Ser cristiano en Gaza: Fe y resistencia en medio del horror

Desde hace casi dos años, la comunidad cristiana de Gaza vive una realidad de sufrimiento extremo, marcada por bombardeos, escasez total de lo básico y el miedo constante de perderlo todo.

El barrio de Zeitoun, donde se encuentra la parroquia de la Sagrada Familia, se ha convertido en uno de los pocos refugios para cristianos y musulmanes desplazados. Allí, cientos de personas viven hacinadas bajo techos que no paran de temblar cada vez que cae una bomba cercana.
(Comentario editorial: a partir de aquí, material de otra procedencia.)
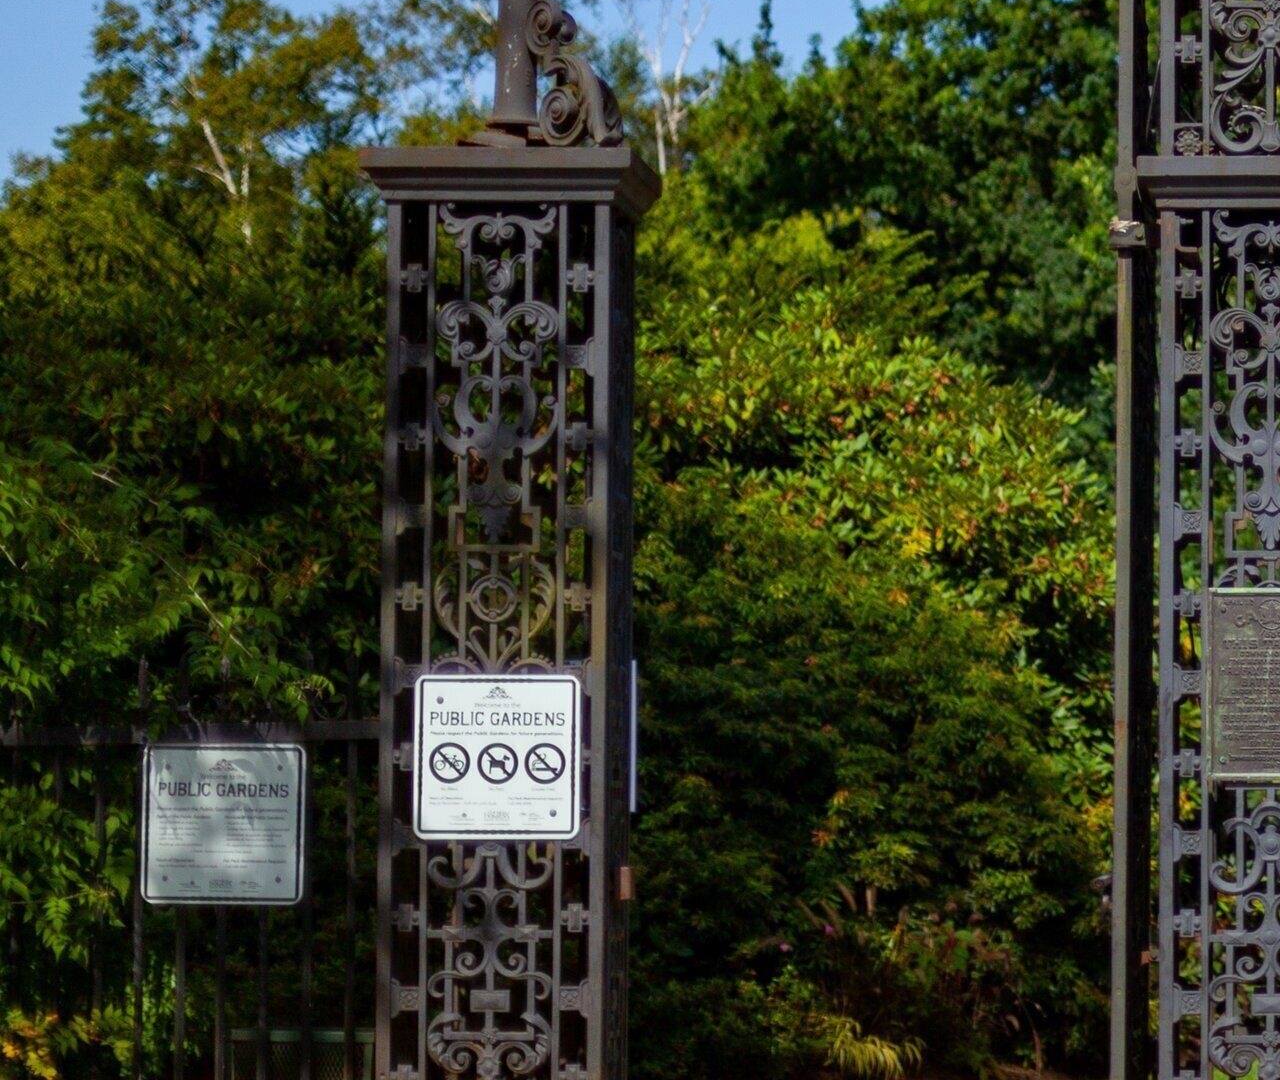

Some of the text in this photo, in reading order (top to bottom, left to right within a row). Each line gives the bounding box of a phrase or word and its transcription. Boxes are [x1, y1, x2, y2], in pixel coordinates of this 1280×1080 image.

[430, 711, 565, 727] PUBLIC GARDENS
[158, 781, 289, 798] PUBLIC GARDENS
Más de 50 fieles han muerto desde el inicio del conflicto; entre ellos, enfermos crónicos, ancianos sin medicinas, mujeres y niños que no han podido huir.

La comida y el agua se han elevado a artículos de lujo. Un kilo de azúcar cuesta lo que para nosotros sería un despropósito, y muchas familias pasan días sin suficiente alimento. Las iglesias se han convertido en lo poco que queda de esperanza, funcionando como albergues, cocinas improvisadas y únicos puntos de ayuda humanitaria.

Además del dolor físico, hay un peso psicológico enorme. La incertidumbre de mañana, el desgaste emocional de los niños, la angustia de saber que rezar ya no basta para detener la destrucción. Pero aun en medio de esta oscuridad, la fe persiste: los sacerdotes, hermanas y fieles siguen celebrando misa, rezando, cuidándose unos a otros.

Para muchos, la gran pregunta no es ya cómo sobrevivir día a día, sino si esta pequeña comunidad cristiana podrá resistir el dolor continuo sin desaparecer. Se sienten olvidados, ignorados, pero manteniendo viva la llama de la esperanza.